The development of efficient methods for amplifying random DNA sequences by the polymerase chain reaction has created the basis for mapping virtually unlimited numbers of mixed-phase dominant DNA markers in one population. Although dominant markers can be efficiently mapped using many different kinds of matings, recombination frequencies and locus orders are often mis-estimated from repulsion F₂ matings. The major problem with these matings, apart from excessive sampling errors of recombination frequency (θ) estimates, is the bias of the maximum-likelihood estimator (MLE) of θ (θ _ML). \(\hat \theta _{ML} = 0\) when the observed frequency of double-recessive phenotypes is 0 and the observed frequency of double-dominant phenotypes is less than 2/3 — the bias for those samples is — θ. We used simulation to estimate the mean bias of θ _ML. Mean bias is a function of n and θ and decreases as n increases.

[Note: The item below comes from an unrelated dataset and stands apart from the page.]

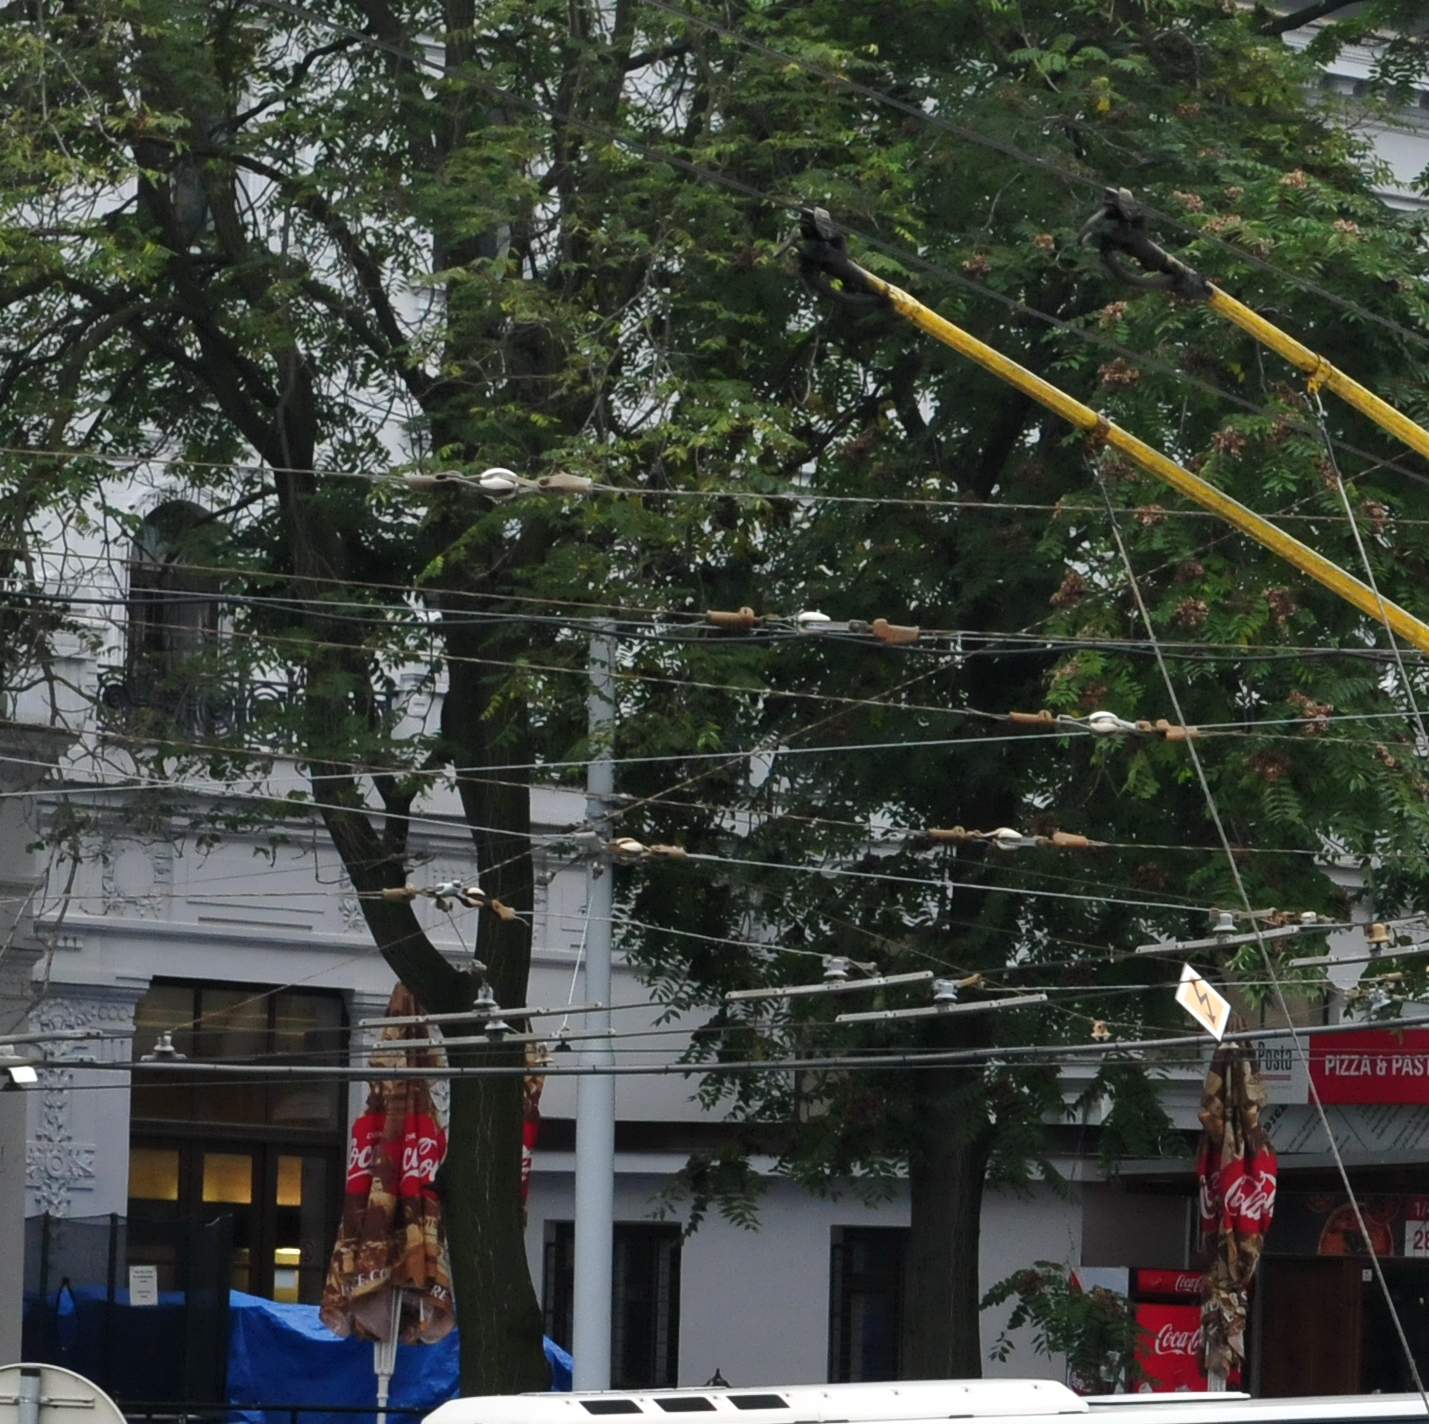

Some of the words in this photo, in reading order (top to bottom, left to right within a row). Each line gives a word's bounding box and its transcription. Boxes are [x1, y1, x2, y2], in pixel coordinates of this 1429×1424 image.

Valid maps of dominant markers can be built by using sub-sets of markers linked in coupling, thereby creating male and feamle coupling maps, as long as the maps are fairly dense (about 5 cM) — the sampling errors of θ increase as θ increases for coupling linkages and are equal to those for backcross matings when θ=0. The use of F₂ matings for mapping dominant markers is not necessarily proscribed because they yield twice as many useful markers as a backcross population, albeit in two maps, for the same number of DNA extractions and PCR assays; however, dominant markers can be more effeciently exploited by using doubled-haploid, recombinant-inbred, or other inbred populations.